Es ist kein Geheimnis, daß ich diese Kolumne auf englisch schreibe und die fleißigen und geduligen Mitarbeiter der taz sie dann immer ins Deutsche übertragen. Nach jahrelangem Faulenzen habe ich jetzt beschlossen, endlich Deutsch zu lernen, und einige der kleinen Erlebnisse auf diesem langen Weg möchte ich gerne weitergeben. In der ersten Stunde stellte mir mein Lehrer die Aufgabe, eine Sprachkassette zu kaufen, mit deren Hilfe ich meine Aussprache korrigieren soll. Solche Kassetten gibt es für alle möglichen Sprachen. Die spanische Version heißt zum Beispiel „Fun in Spanish“, die italienische „Italian made easy“, die deutsche dagegen „How to pronounce German correctly“.

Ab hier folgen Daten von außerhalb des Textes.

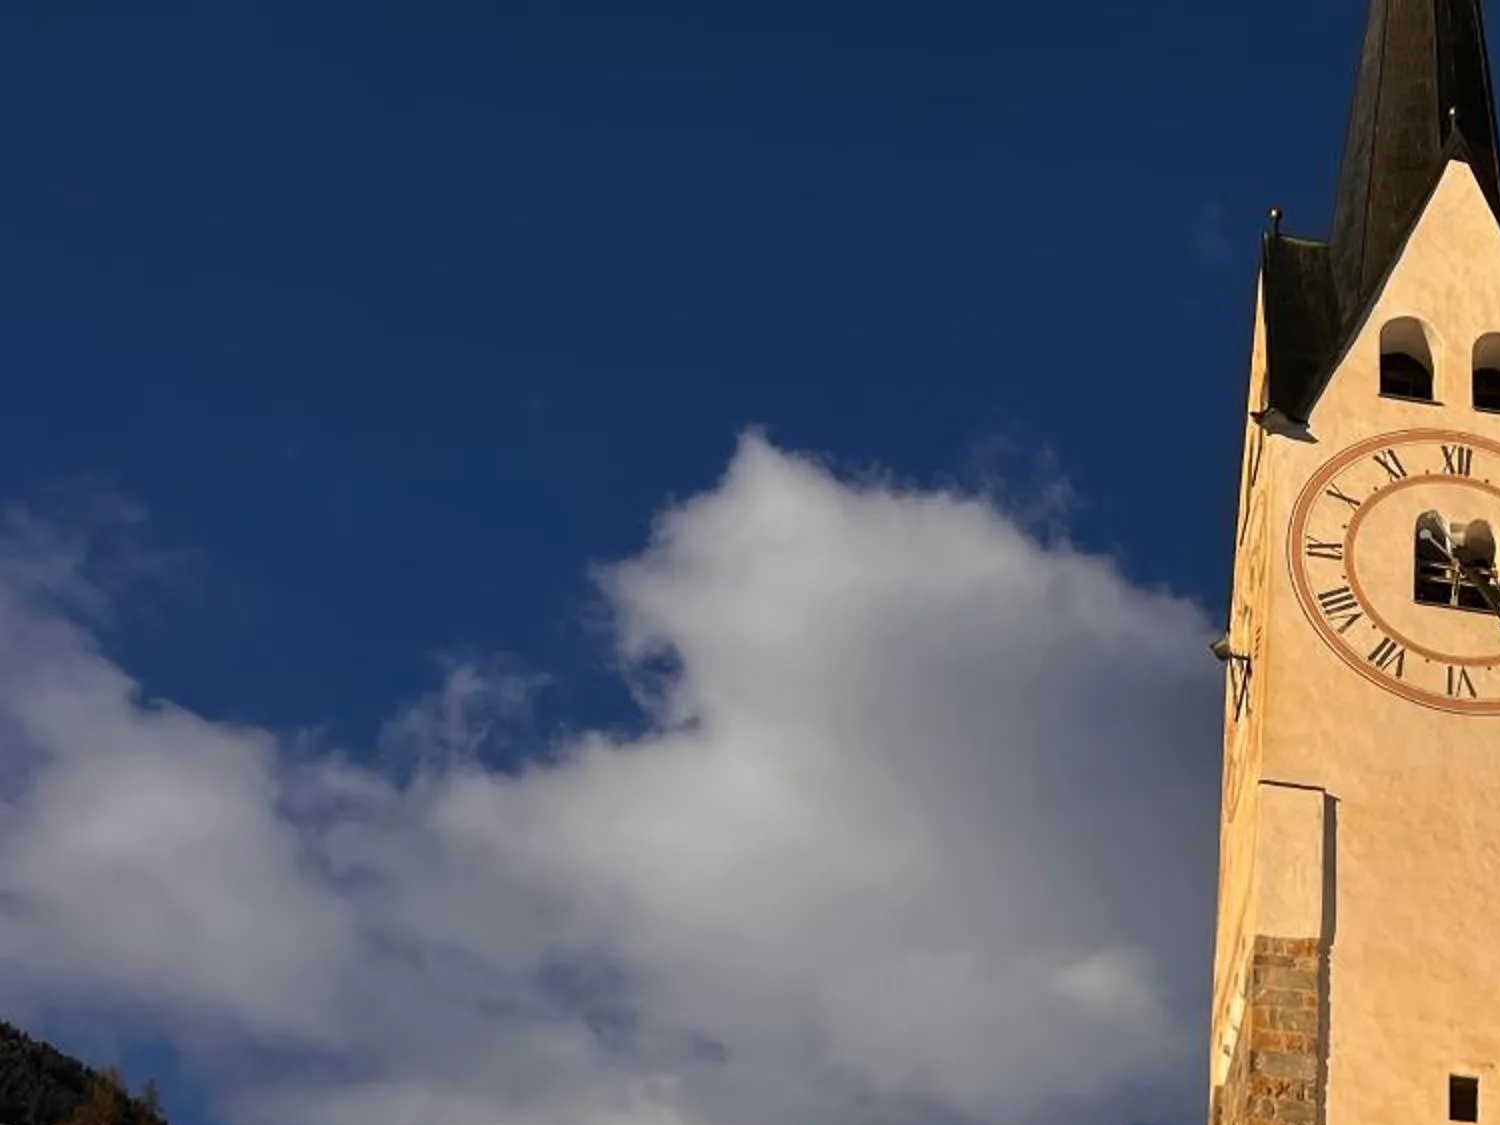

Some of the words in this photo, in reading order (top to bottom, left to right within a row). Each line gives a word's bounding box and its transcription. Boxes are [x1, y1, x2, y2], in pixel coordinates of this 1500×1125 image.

[1373, 449, 1407, 482] XI
[1441, 445, 1473, 477] XII
[1326, 483, 1361, 512] X
[1305, 535, 1343, 561] IX
[1318, 586, 1364, 634] VIII
[1367, 637, 1406, 679] VII
[1447, 665, 1477, 699] VI
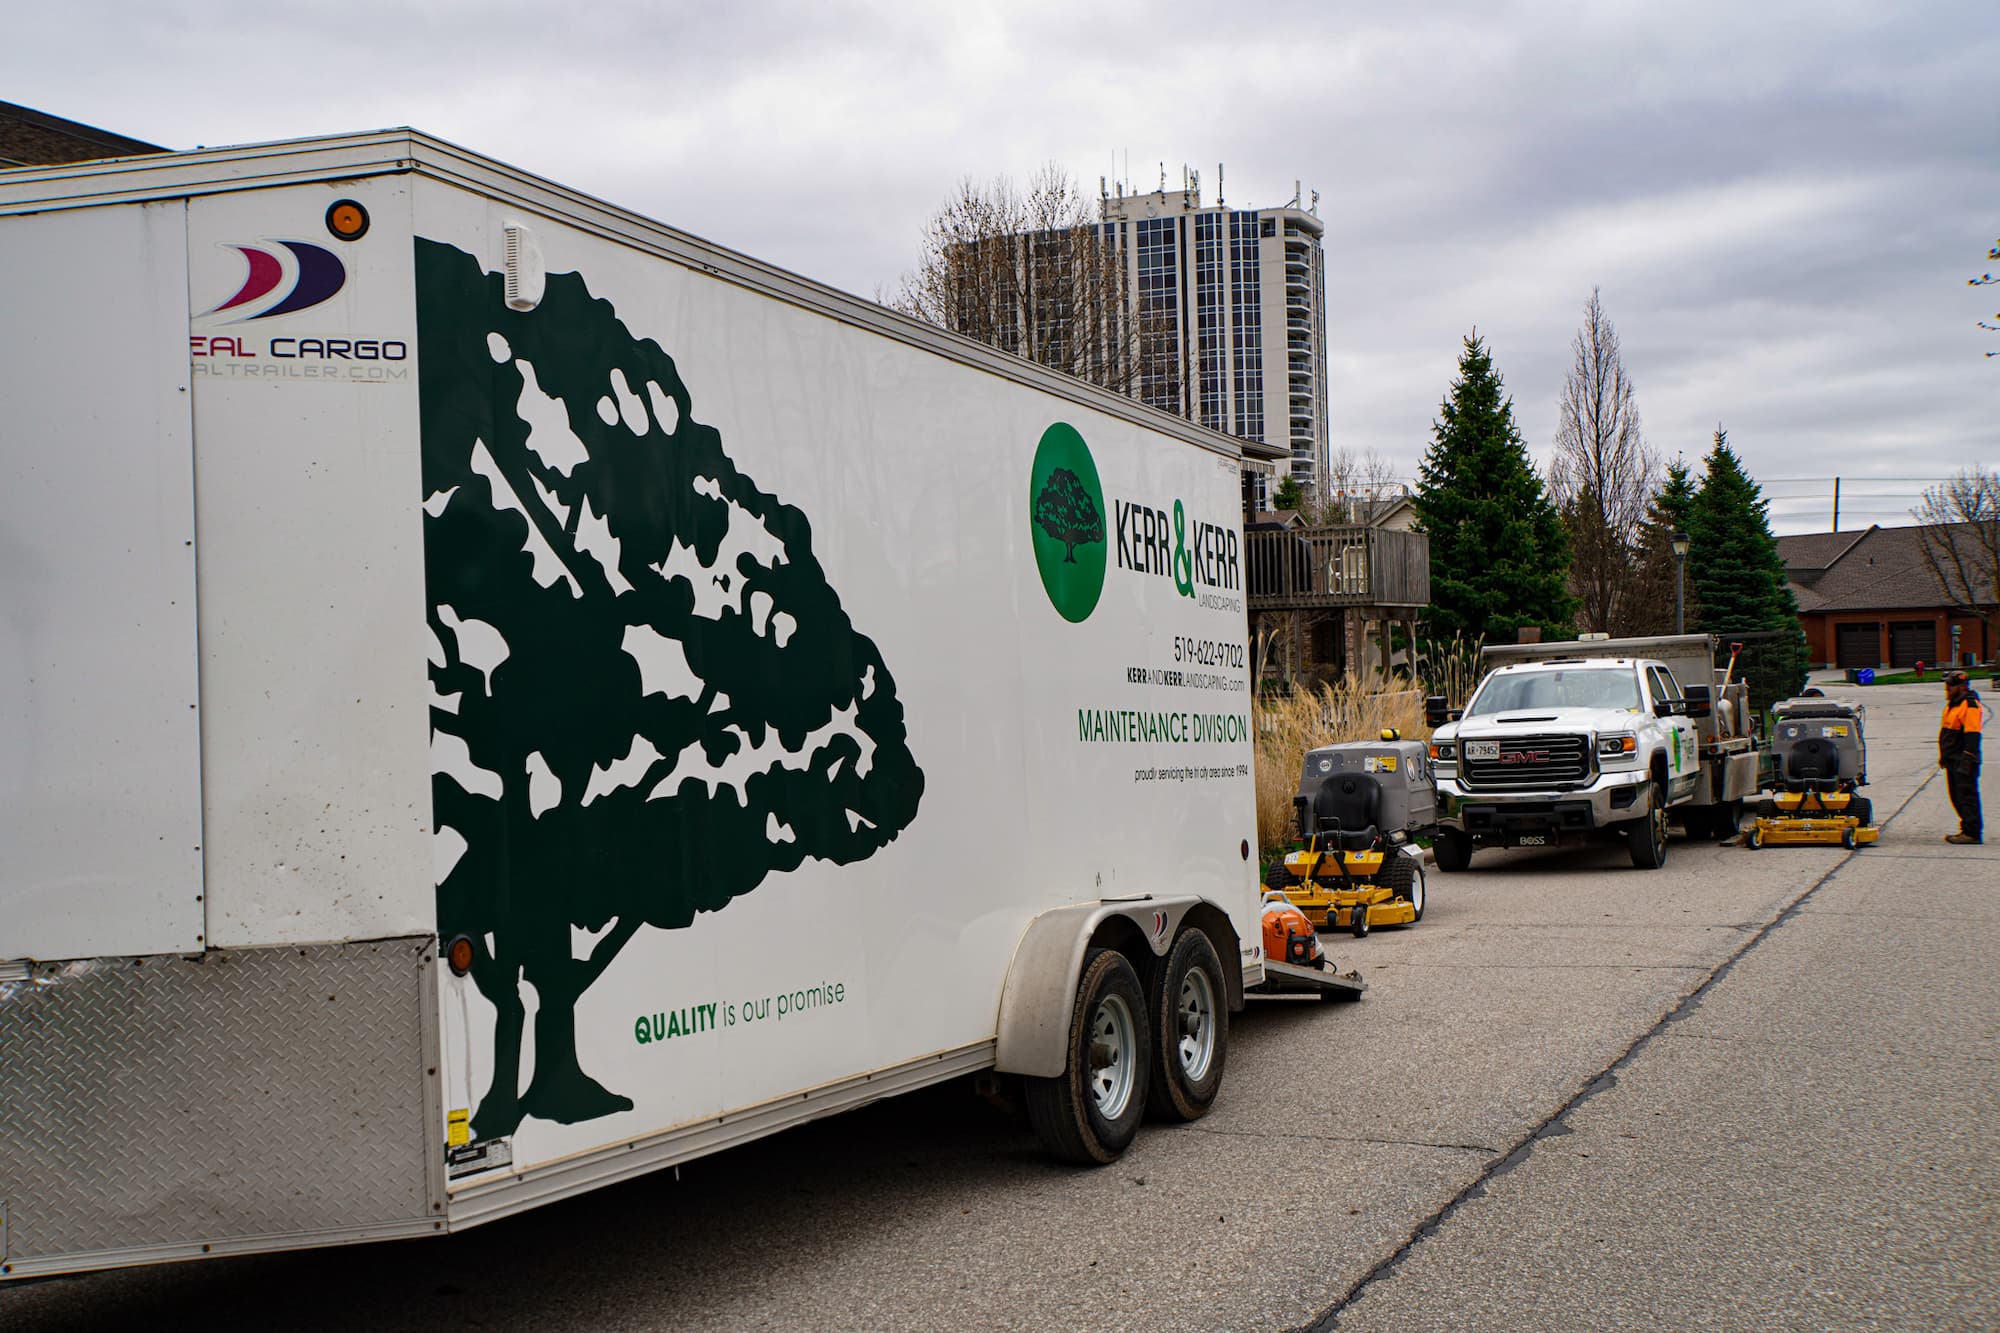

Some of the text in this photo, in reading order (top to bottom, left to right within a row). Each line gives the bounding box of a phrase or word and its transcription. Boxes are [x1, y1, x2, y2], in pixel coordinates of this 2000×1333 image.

[270, 338, 407, 361] CARGO
[1115, 499, 1172, 577] KERR
[1193, 519, 1239, 591] KERR
[1198, 592, 1241, 613] LANDSCAPING
[1174, 636, 1244, 669] 519-622-9702
[1078, 708, 1247, 743] MAINTENANCE DIVISION
[1499, 750, 1550, 764] GMC
[1135, 767, 1157, 783] proudly
[1158, 766, 1184, 783] servicing
[1209, 768, 1220, 778] area
[1221, 766, 1235, 778] since
[1236, 764, 1248, 777] 1994
[1519, 836, 1545, 845] BOSS
[634, 981, 845, 1044] QUALITY is our promise
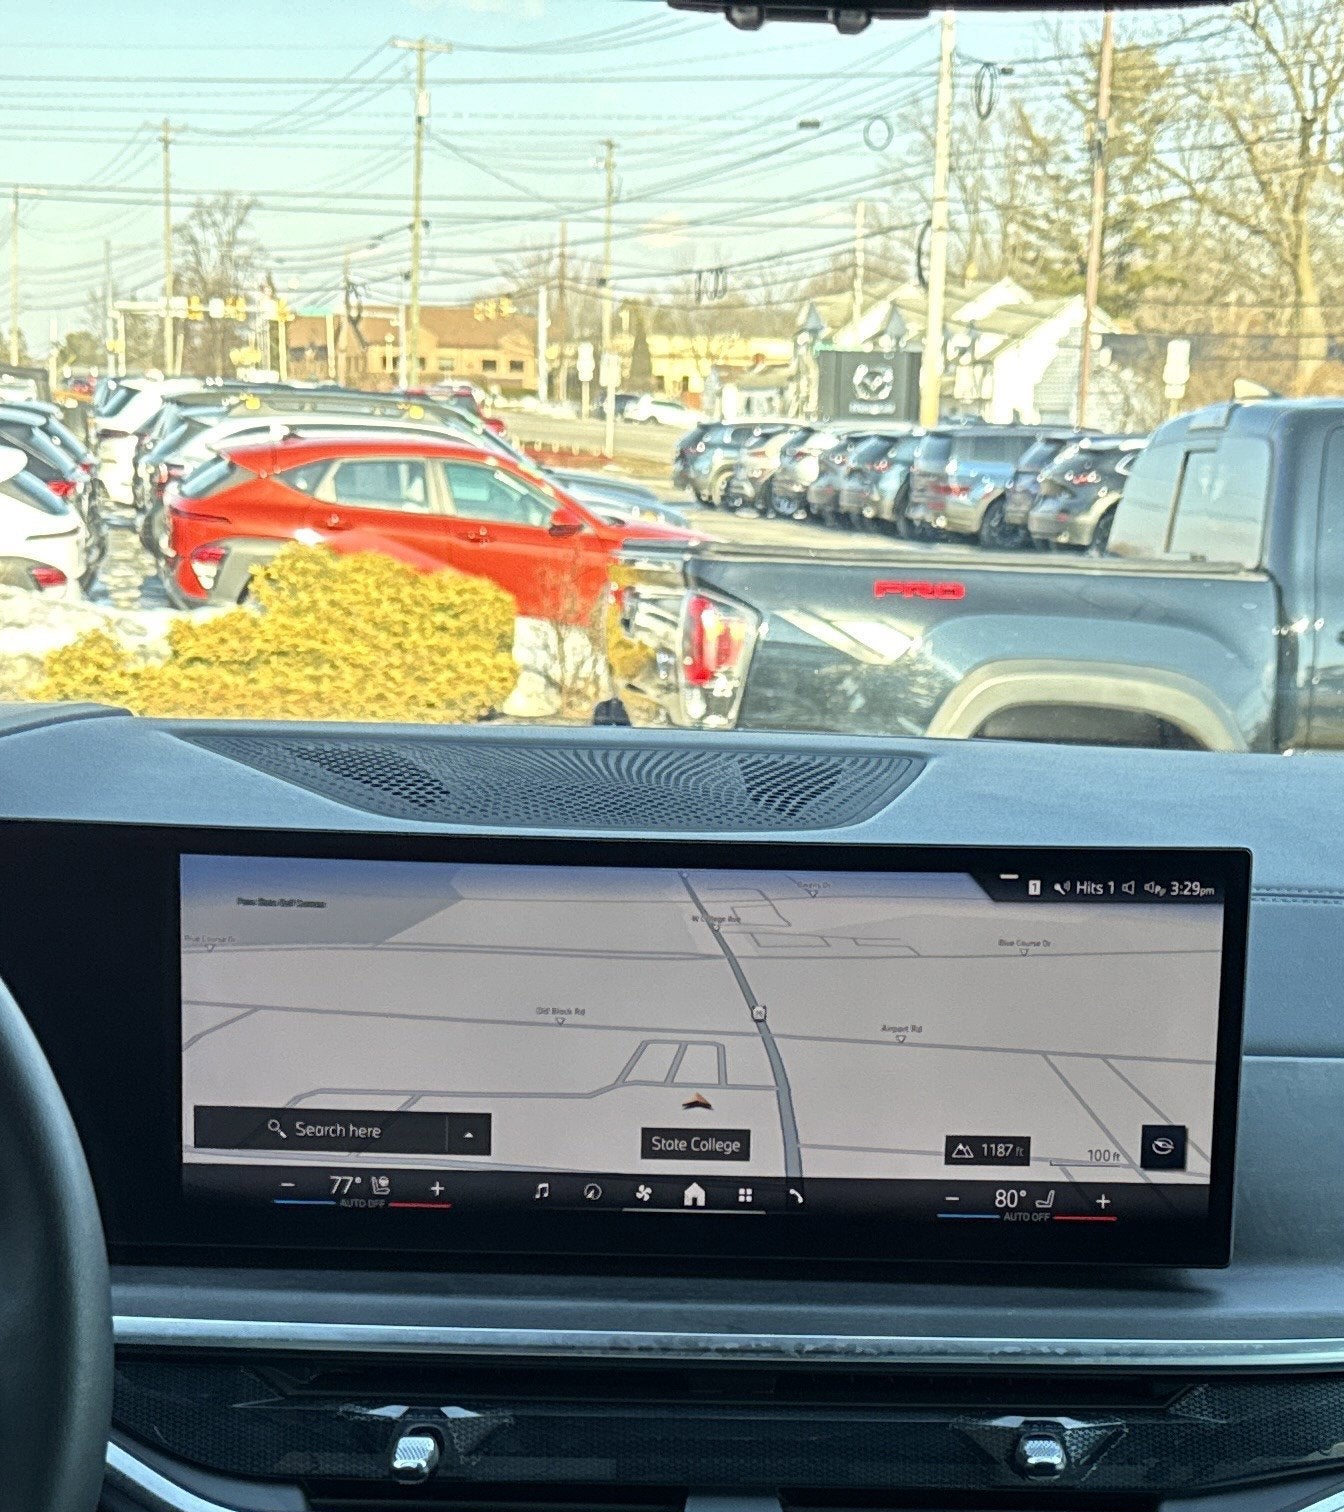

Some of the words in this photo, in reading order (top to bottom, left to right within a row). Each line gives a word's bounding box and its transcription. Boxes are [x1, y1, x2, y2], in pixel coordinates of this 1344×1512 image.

[873, 580, 966, 600] PRO
[1076, 881, 1104, 896] Hits
[1170, 881, 1215, 897] 3:29pm
[295, 1122, 346, 1138] Search
[349, 1123, 382, 1139] here
[652, 1136, 687, 1151] State
[691, 1137, 741, 1155] College
[982, 1144, 1013, 1157] 1187
[1088, 1150, 1110, 1162] 100
[1113, 1153, 1121, 1161] ft
[330, 1175, 361, 1195] 77°
[339, 1199, 366, 1208] AUTO
[994, 1189, 1027, 1208] 80°
[1003, 1211, 1029, 1222] AUTO
[1032, 1212, 1050, 1222] OFF
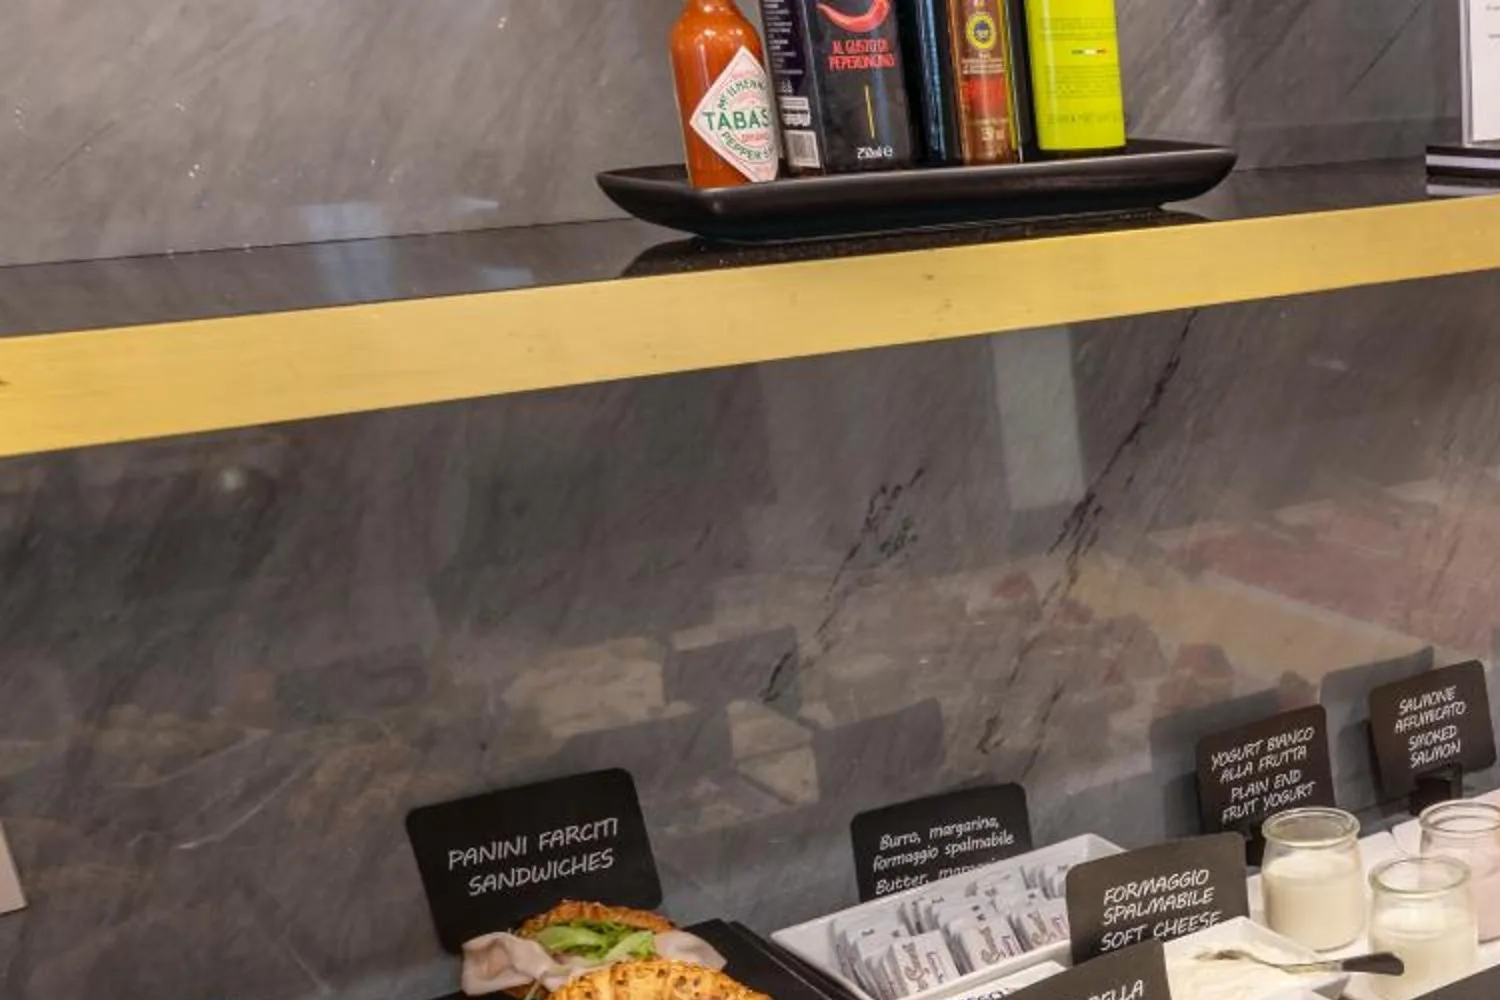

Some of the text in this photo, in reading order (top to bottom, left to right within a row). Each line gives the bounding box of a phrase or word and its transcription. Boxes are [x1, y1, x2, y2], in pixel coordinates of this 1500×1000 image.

Was ich schon längst fragen wollte: Warum wird hier eigentlich der Schnee nicht mehr weggeräumt? Ich bin jetzt fast eine Woche hier, und überall sind die Gehsteige noch voller Schnee — selbst auf dem Kudamm. Nach ein paar Tagen bildeten sich immer mehr nette kleine Eisbrücken, und als das Wetter Mitte der Woche etwas wärmer wurde, verwandelte sich alles in einen einzigen Schlamm. Ist das nicht sehr merkwürdig — in einem Land, wo sonst kaum ein Bonbonpapier auf der Straße liegt und in den Bussen kein Kaugummi auf dem Sitz klebt? Der Platz an der Gedächtniskirche ist inzwischen zu einer einzigen Eisbahn geworden — oder versucht etwa die ganze Nation, Selbstmord zu begehen? Möglicherweise ist das der Lemming-Instinkt der Deutschen. Und alles nur, weil nicht genug Sand oder Kies da ist. Dabei weiß ich genau, daß es in Deutschland Sand und Kies gibt — schließlich wurde eine Menge davon im Zweiten Weltkrieg für den Bau der Autobahnen herumgeschaufelt. Oder sollte das eine Verschwörung der Linken sein, um den alten Schuldkomplex endlich abzubauen?

Ist es eigentlich schon jemandem aufgefallen, daß überall in der Stadt gemischtrassige Zigarettenwerbung an den Plakatwänden klebt? Eines ist sicher: In Amerika wäre das ein Ding der Unmöglichkeit. Abgesehen davon, daß Werbung für Zigaretten verboten ist (das Rauchen wird immer mehr zu einem schweren Verbrechen in den USA) — eine weiße Frau zusammen mit einem schwarzen... Alles klar?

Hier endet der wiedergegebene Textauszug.